The name for the Washington DC football team is a racial slur, an illegal form of hate
speech and discrimination, that damages a protected class of people by denying us
respect and equality: in the workplace, at government funded facilities and contractors,
at public gatherings, over regulated airwaves, and in corporations producing electronic
and print content. The “R” word has no place in a country of equals. No similar
denigrating term for other protected classes of people would be tolerated, and we would
not accept any such denigration of anyone. Yet, sports organizations, media
organizations and many fans have inherited and perpetrated an immunity to the racism
embedded in derogatory indigenous sports names and mascots, and the damage they
do to the freedom of anyone to live their lives without experiencing prejudice or ridicule.2
The argument orrationalization that indigenous sports mascots and racist names filled
with fan tradition should somehow be immune from the laws of the land that protect
people from discrimination hardly matches the damage to the heritage and traditions of
indigenous people perpetrated by the mascots, by the names, and by centuries of
desecration and injustice that continue to this day.

All Indigenous Mascots manufactured for professional and school sports teams by and
for non-indigenous people are unwelcome caricatures that do not represent the religion,
culture, beliefs and rich history of native people.

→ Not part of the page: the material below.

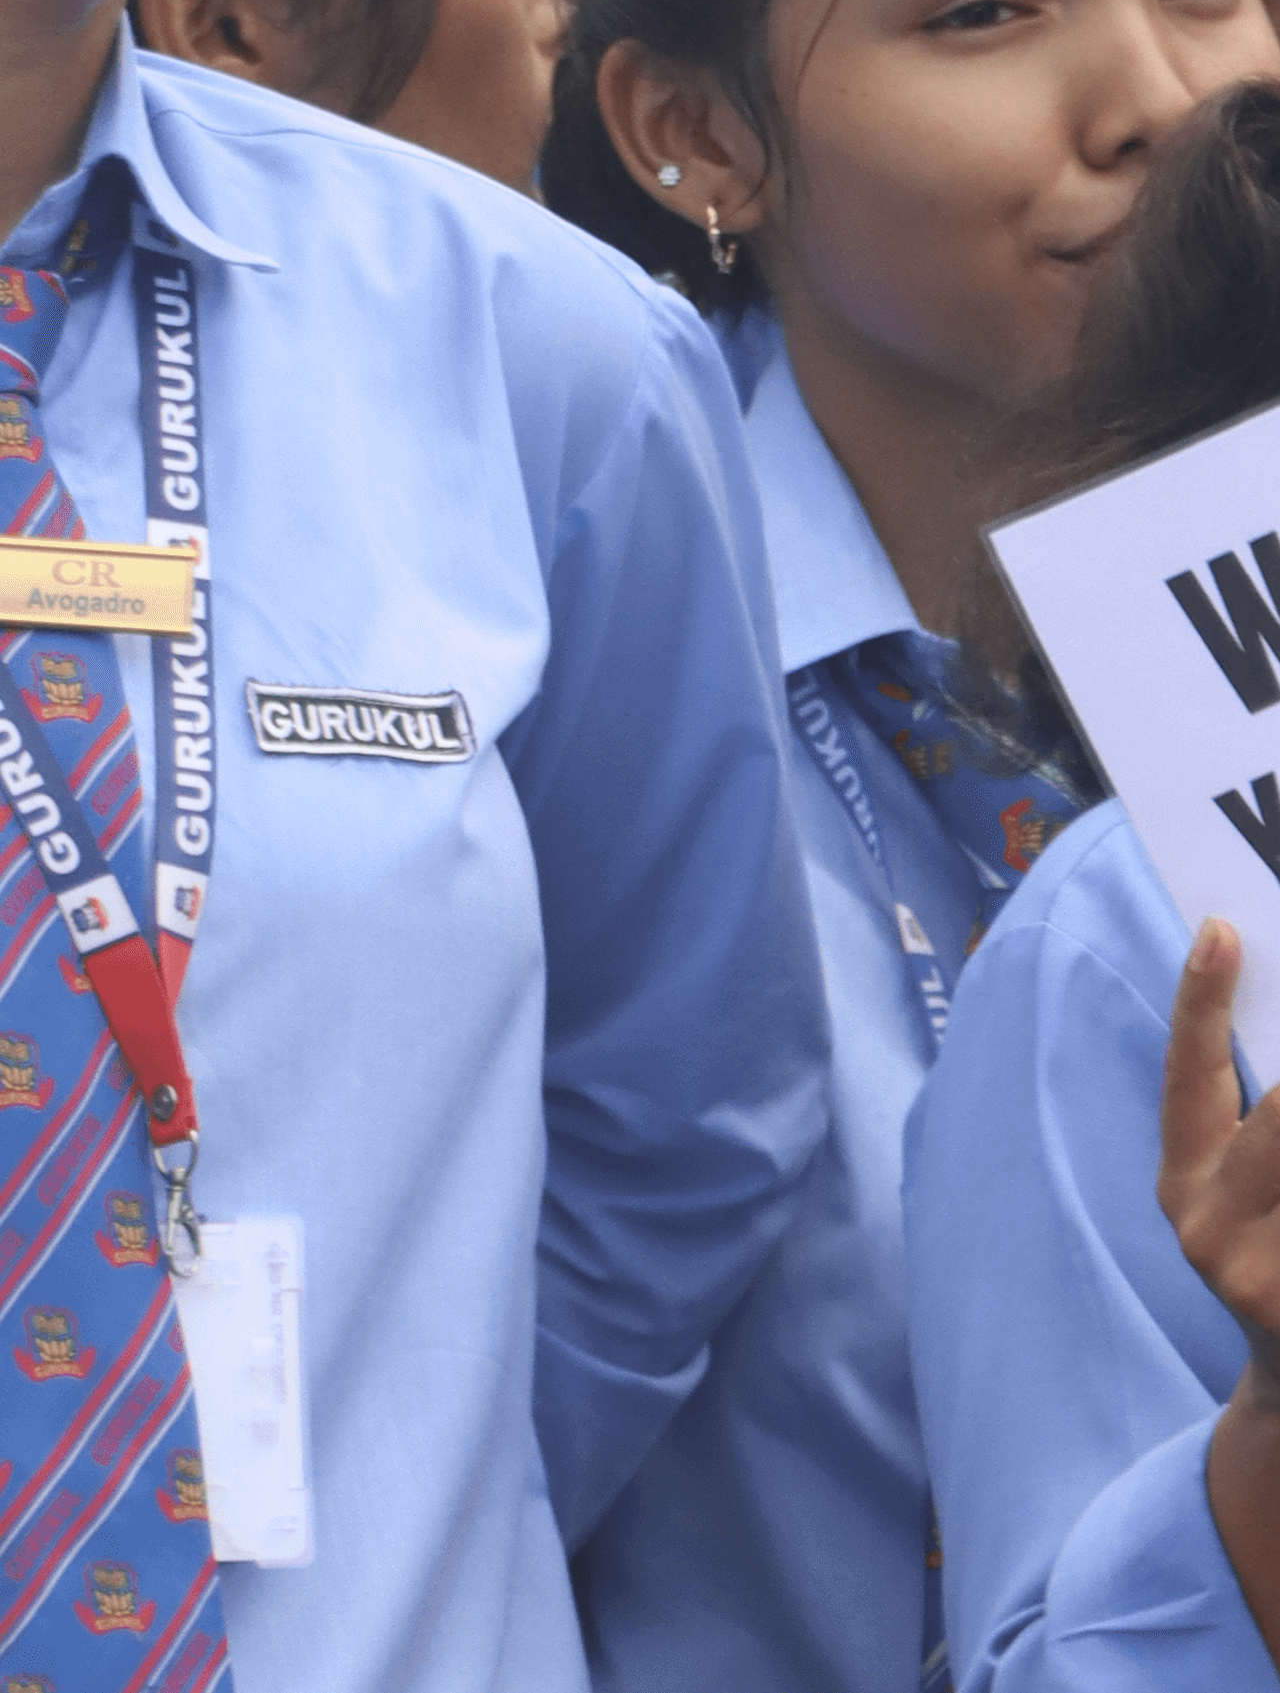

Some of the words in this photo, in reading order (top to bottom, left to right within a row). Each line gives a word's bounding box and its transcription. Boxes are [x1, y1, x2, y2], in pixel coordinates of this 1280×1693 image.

[154, 268, 200, 511] GURUKUL
[51, 558, 121, 588] CR
[26, 587, 145, 617] Avogadro
[261, 701, 460, 750] GURUKUL

Moreover, there is overwhelming evidence from impartial academic research that
unwelcome indigenous mascots and stereotypes and caricatures damage indigenous
children, damage indigenous futures, and damage the perception of all protected
classes.

While our actions are addressing offensive language and images, we want to be clear
that our objective is to stop the damage to our children, and to all protected classes by
asserting and seeking enforcement of the US Constitution and the many Federal, State,
County, City and Municipal laws explicitly designed to protect us from harm.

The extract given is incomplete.